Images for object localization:
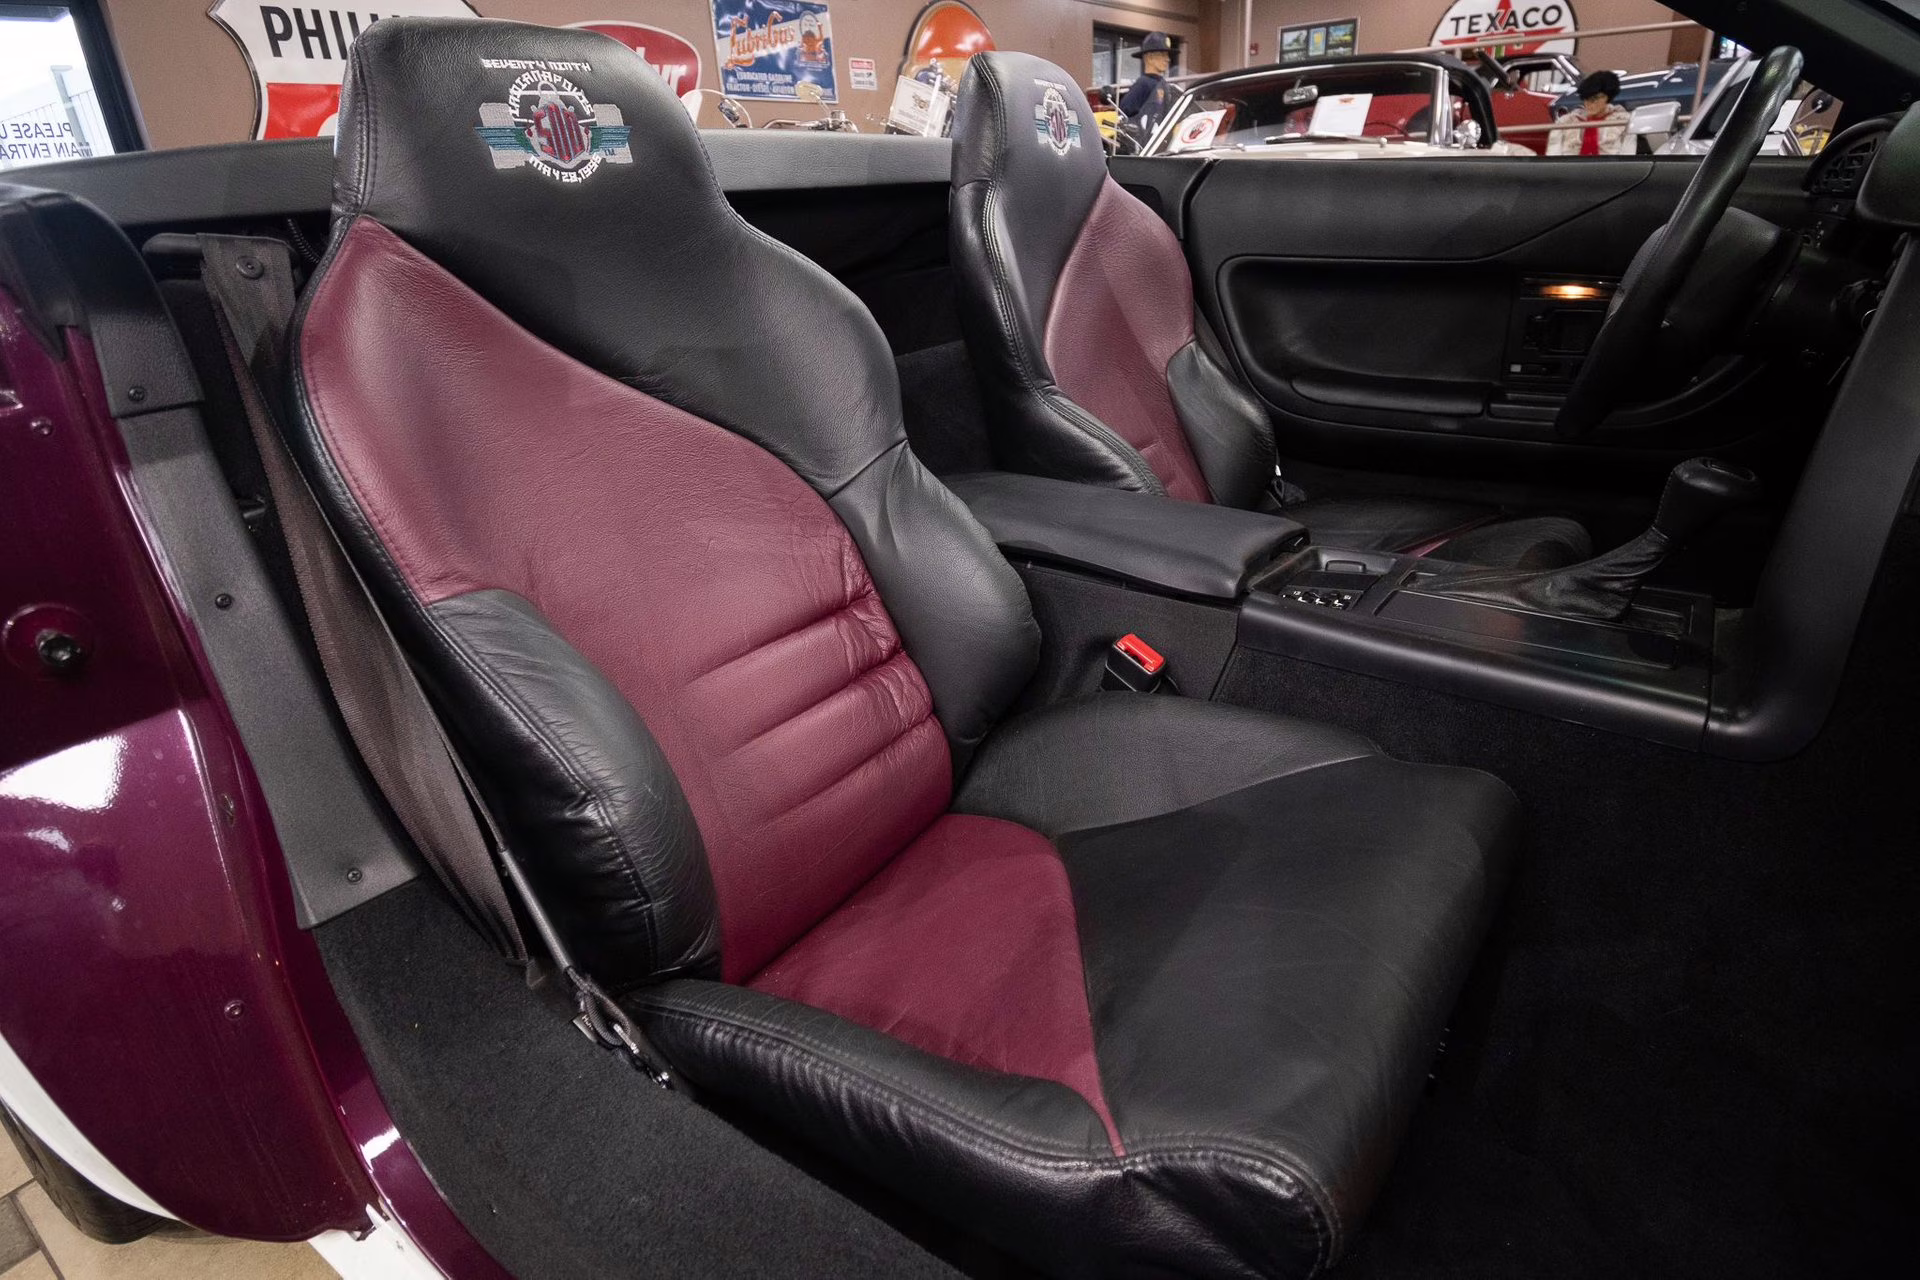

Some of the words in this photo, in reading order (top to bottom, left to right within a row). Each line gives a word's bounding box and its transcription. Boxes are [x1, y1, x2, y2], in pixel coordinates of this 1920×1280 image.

[1450, 4, 1563, 36] TEXACO
[481, 58, 547, 70] SEVENTY
[549, 60, 592, 72] NINTH
[508, 69, 595, 117] INDIANAPOLIS
[528, 155, 560, 181] MAY
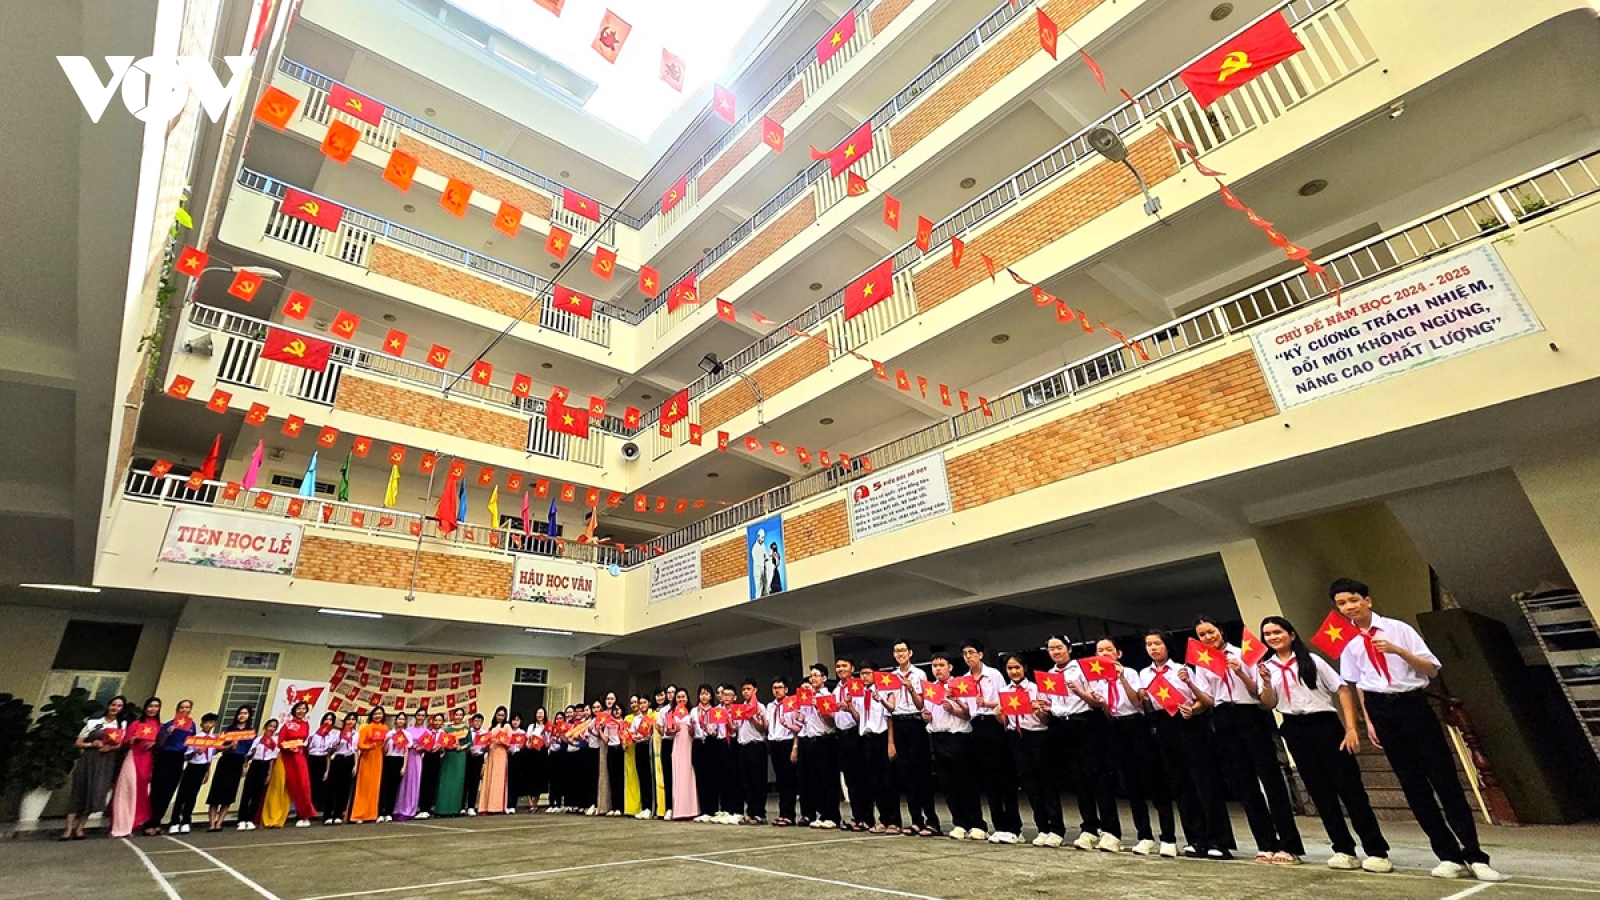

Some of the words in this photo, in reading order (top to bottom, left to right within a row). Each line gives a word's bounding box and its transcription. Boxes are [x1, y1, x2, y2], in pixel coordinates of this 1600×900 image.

[1276, 326, 1301, 344] CHỦ
[1325, 308, 1358, 326] NĂM
[1360, 295, 1392, 313] HỌC
[1394, 282, 1427, 300] 2024
[1436, 265, 1470, 285] 2025
[1308, 326, 1360, 351] CƯƠNG
[1362, 304, 1420, 331] TRÁCH
[1425, 280, 1494, 309] NHIỆM,
[1292, 356, 1319, 376] ĐỔI
[1322, 348, 1353, 365] MỚI
[1357, 326, 1417, 354] KHÔNG
[1420, 303, 1490, 332] NGỪNG,
[1296, 373, 1339, 394] NÂNG
[1341, 361, 1374, 378] CAO
[1378, 342, 1422, 366] CHẤT
[177, 524, 223, 545] TIÊN
[224, 532, 266, 553] HỌC
[268, 533, 292, 554] LỄ
[546, 574, 569, 591] HỌC
[572, 576, 592, 592] VĂN
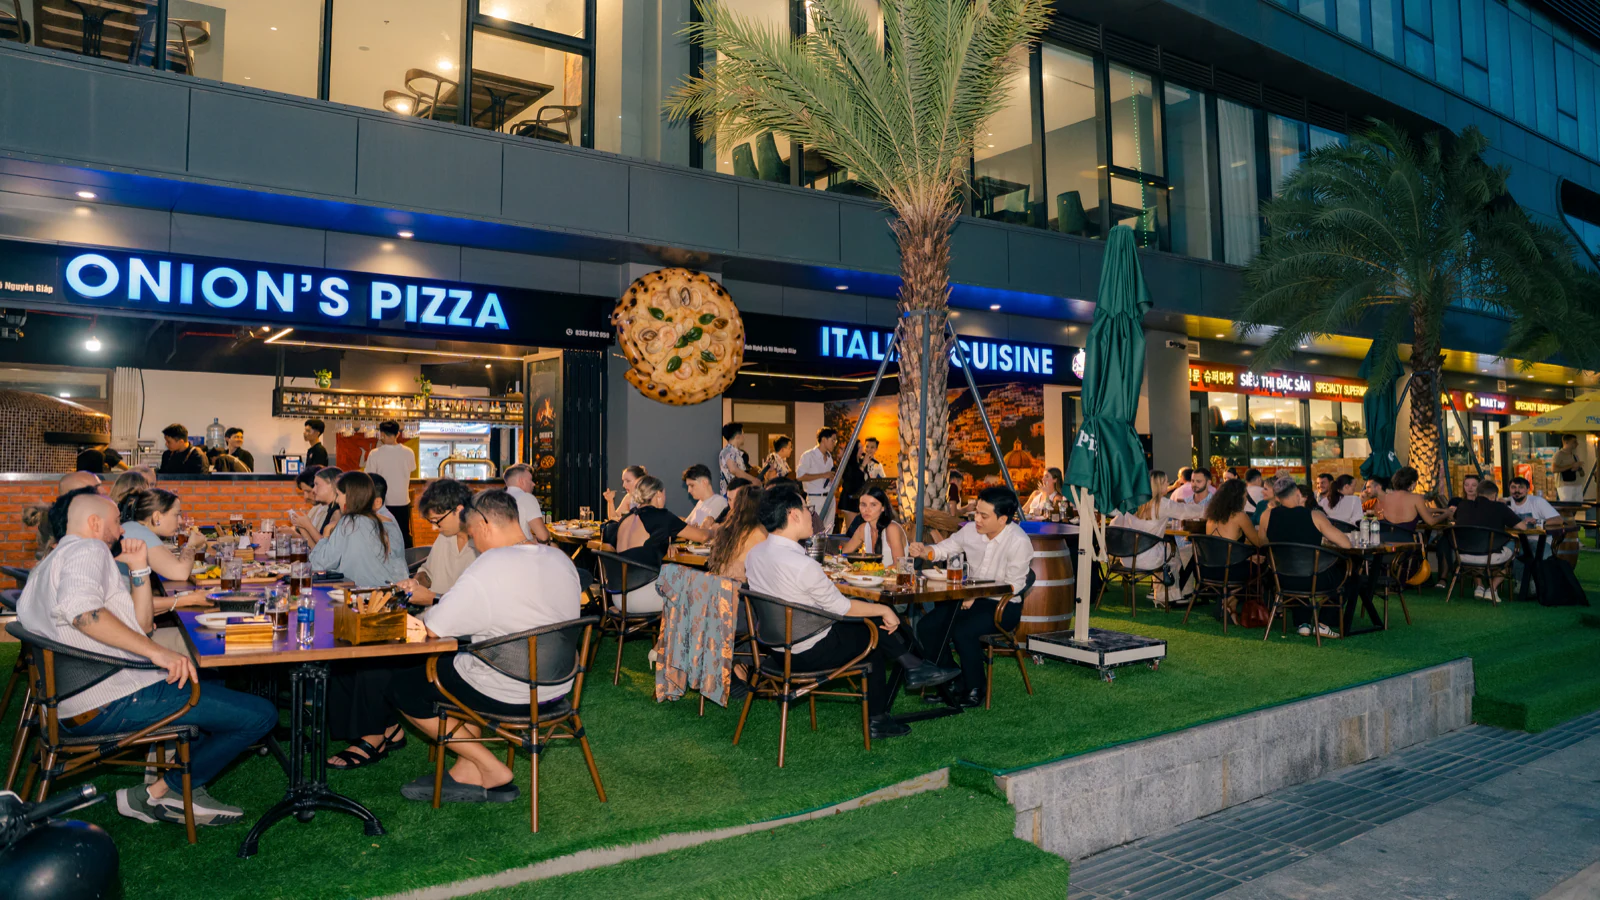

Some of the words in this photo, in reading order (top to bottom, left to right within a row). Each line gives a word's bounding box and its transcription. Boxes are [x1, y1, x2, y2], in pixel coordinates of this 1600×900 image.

**EXERCISE OBJECTIVE**. Restate the records above word for word. Skip every picture.

**YOUR SOLUTION**.
Some of the words in this photo, in reading order (top to bottom, left to right within a row). Each line gives a word's bounding box and its transcription. Boxes are [x1, y1, x2, y2], in pixel coordinates of this 1920×1280 image.

[1450, 4, 1563, 36] TEXACO
[481, 58, 547, 70] SEVENTY
[549, 60, 592, 72] NINTH
[508, 69, 595, 117] INDIANAPOLIS
[528, 155, 560, 181] MAY

Some of the words in this photo, in reading order (top to bottom, left to right within a row). Each line gives a word's bounding box and its transcription. Boxes are [x1, y1, x2, y2], in pixel coordinates of this 1600×900 image.

[1276, 326, 1301, 344] CHỦ
[1325, 308, 1358, 326] NĂM
[1360, 295, 1392, 313] HỌC
[1394, 282, 1427, 300] 2024
[1436, 265, 1470, 285] 2025
[1308, 326, 1360, 351] CƯƠNG
[1362, 304, 1420, 331] TRÁCH
[1425, 280, 1494, 309] NHIỆM,
[1292, 356, 1319, 376] ĐỔI
[1322, 348, 1353, 365] MỚI
[1357, 326, 1417, 354] KHÔNG
[1420, 303, 1490, 332] NGỪNG,
[1296, 373, 1339, 394] NÂNG
[1341, 361, 1374, 378] CAO
[1378, 342, 1422, 366] CHẤT
[177, 524, 223, 545] TIÊN
[224, 532, 266, 553] HỌC
[268, 533, 292, 554] LỄ
[546, 574, 569, 591] HỌC
[572, 576, 592, 592] VĂN

Some of the words in this photo, in reading order (top to bottom, left to right within a row). Each line gives a word's bounding box and its transcription. Boxes are [x1, y1, x2, y2], in pixel coordinates of this 1600×900 image.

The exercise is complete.